▶ _What to produce_
A faithful copy of each entry below is expected, with the images removed.
START Information provided
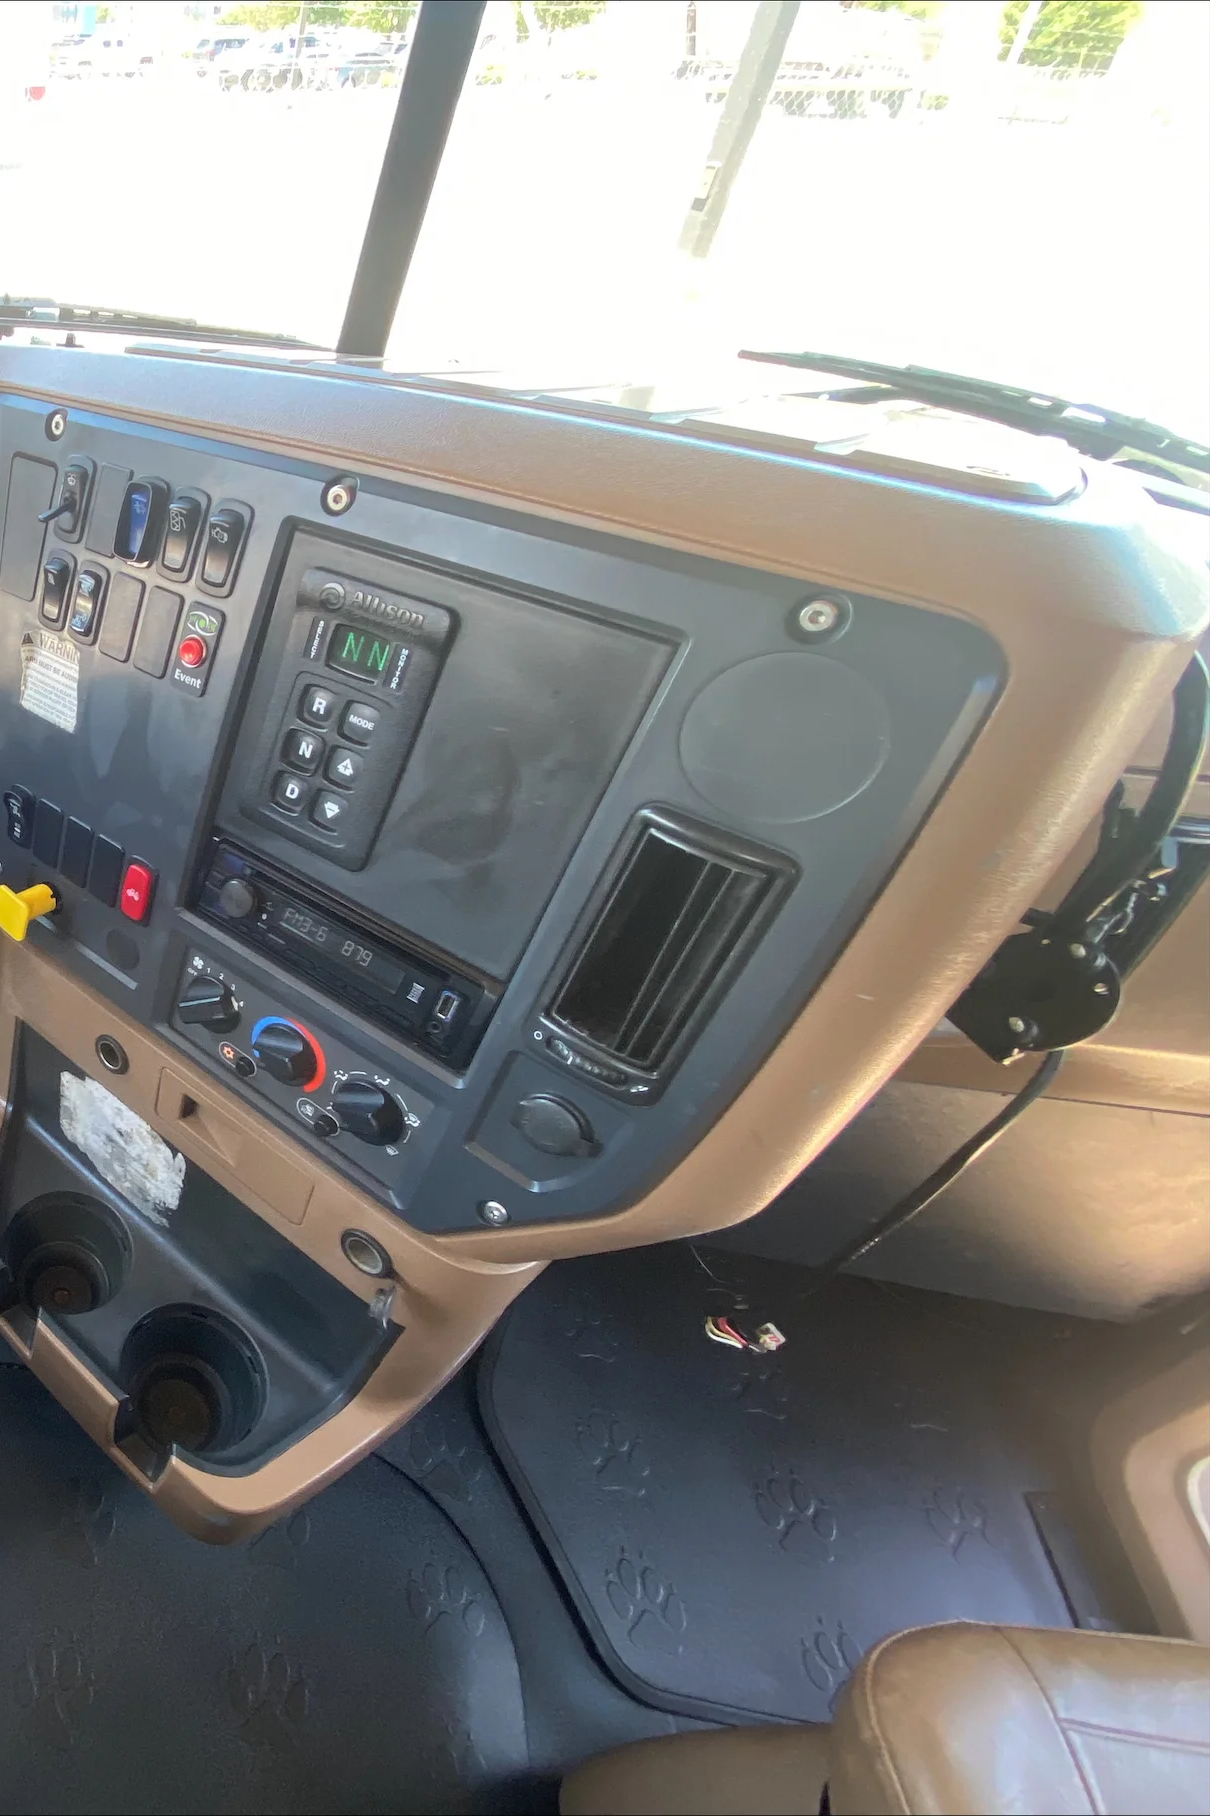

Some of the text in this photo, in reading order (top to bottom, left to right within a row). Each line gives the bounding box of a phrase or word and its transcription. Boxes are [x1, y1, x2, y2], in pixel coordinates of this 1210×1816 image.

[352, 591, 424, 628] Allison
[310, 620, 325, 659] SELECT
[342, 632, 390, 671] N N
[174, 668, 202, 689] Event
[390, 648, 409, 690] MONITOR
[312, 697, 327, 715] R
[349, 714, 376, 731] MODE
[298, 741, 314, 759] N
[285, 783, 299, 799] D
[341, 940, 373, 967] 879
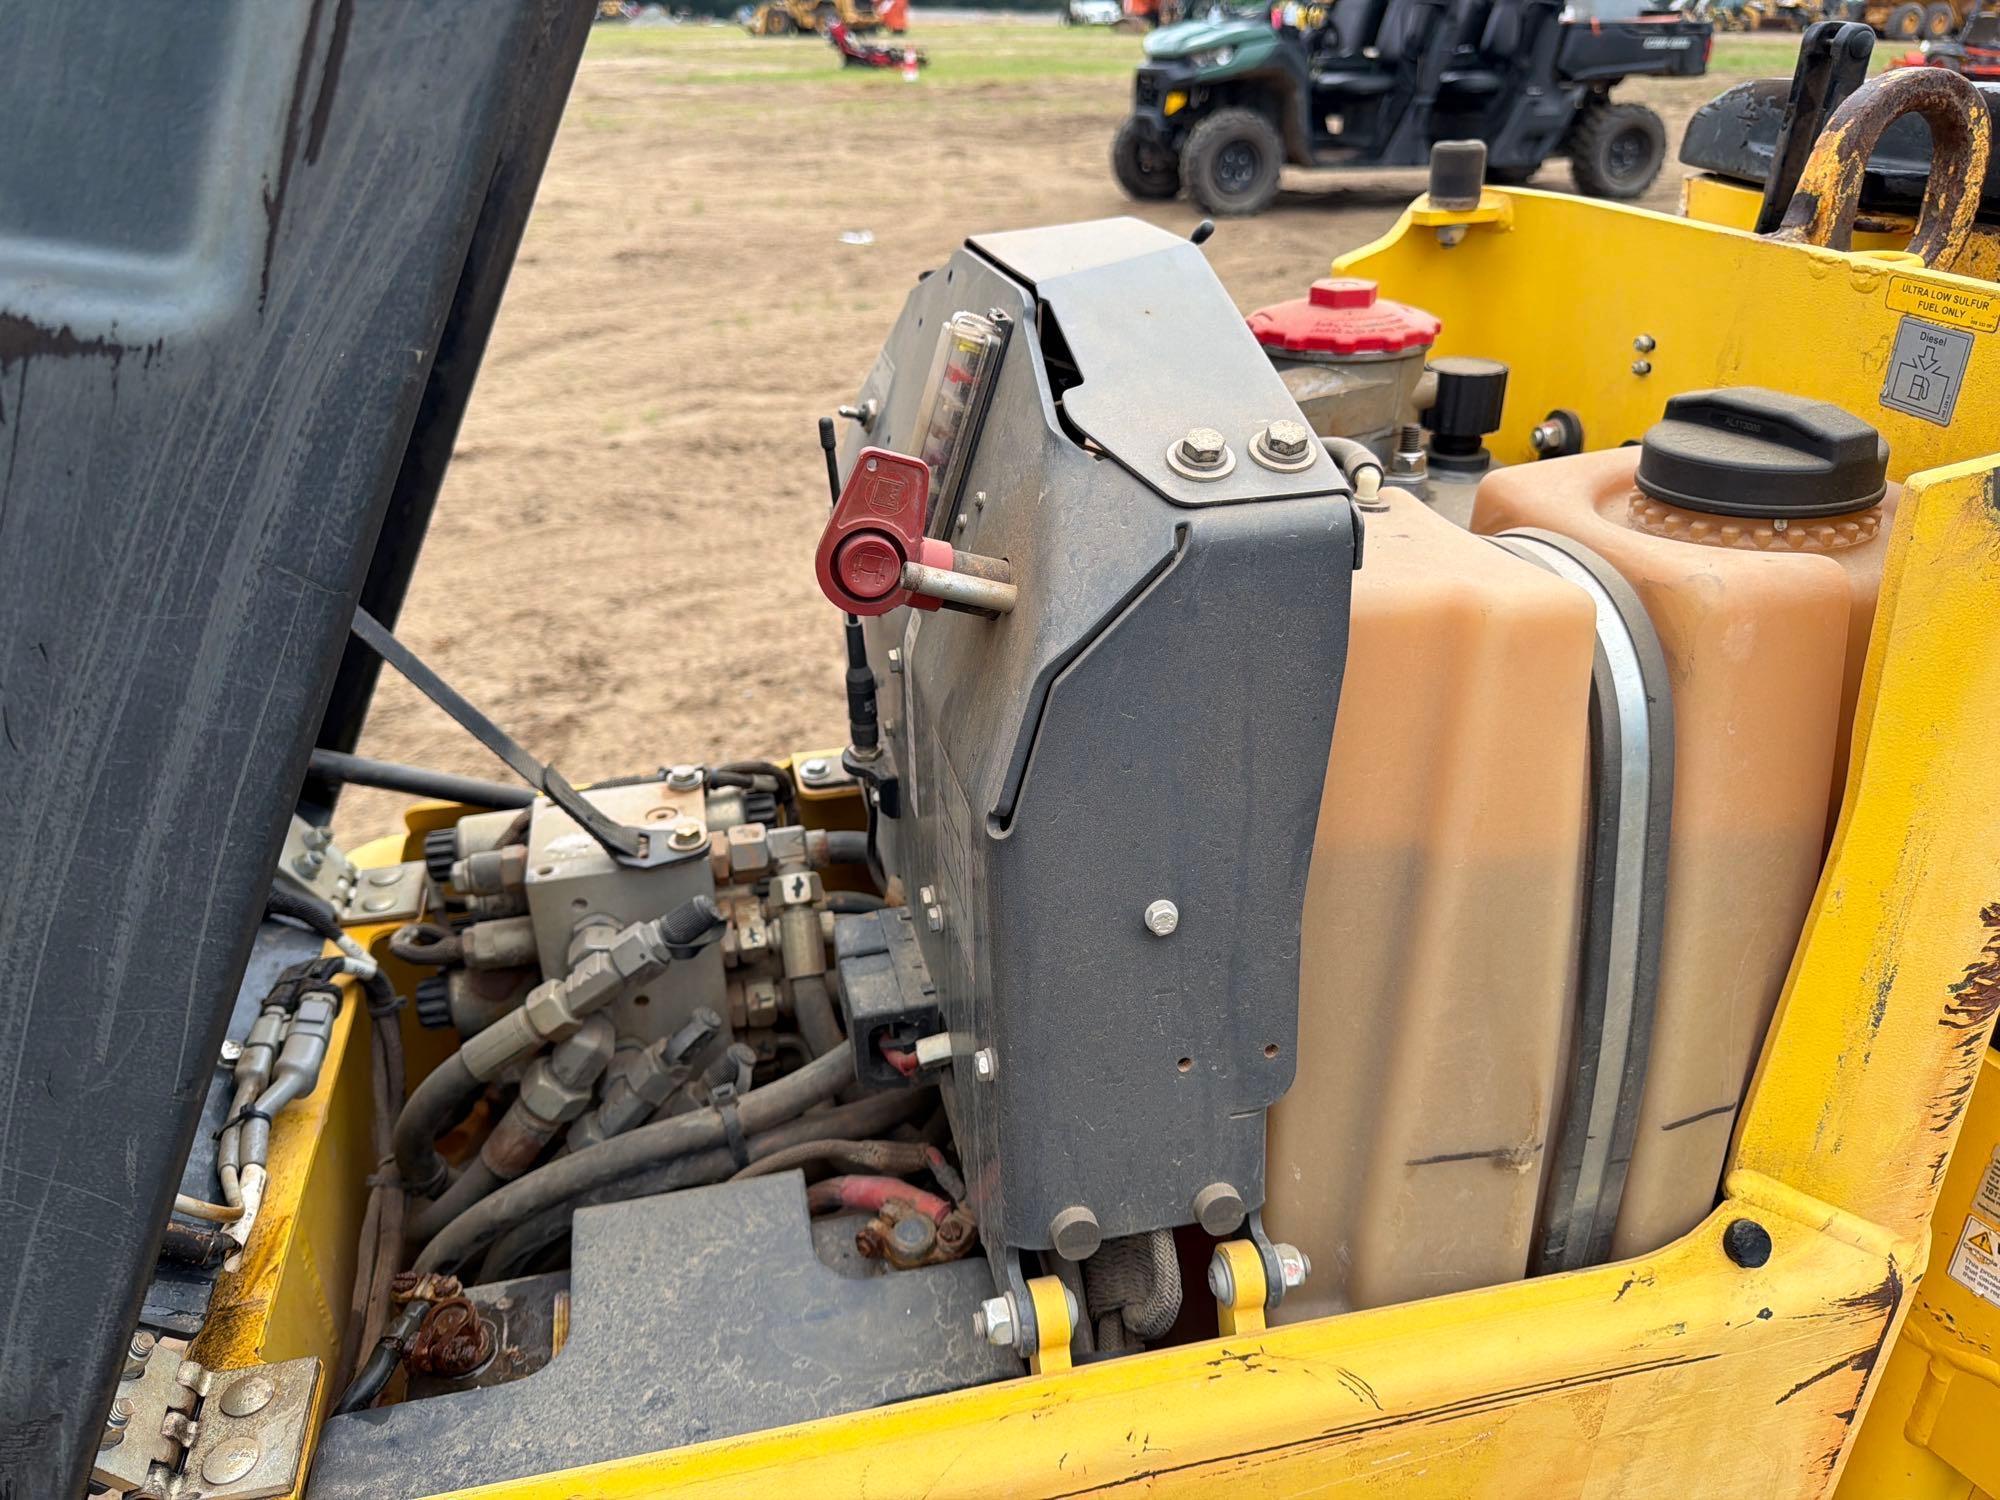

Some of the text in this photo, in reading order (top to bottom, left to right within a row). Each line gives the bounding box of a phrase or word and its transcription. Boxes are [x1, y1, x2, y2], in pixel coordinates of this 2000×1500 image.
END Information provided
▶ _Result of the task_
Some of the text in this photo, in reading order (top to bottom, left to right within a row). Each line gives the bounding box of a phrase or word and its transcription. Boxes are [x1, y1, x2, y2], in pixel coordinates of this 1210×1816 image.

[352, 591, 424, 628] Allison
[310, 620, 325, 659] SELECT
[342, 632, 390, 671] N N
[174, 668, 202, 689] Event
[390, 648, 409, 690] MONITOR
[312, 697, 327, 715] R
[349, 714, 376, 731] MODE
[298, 741, 314, 759] N
[285, 783, 299, 799] D
[341, 940, 373, 967] 879

Some of the text in this photo, in reading order (top to bottom, left to right within a row). Each line gives the bounding box of a phrase or word and its transcription. Boxes are [x1, y1, x2, y2], in pixel coordinates of this 2000×1500 image.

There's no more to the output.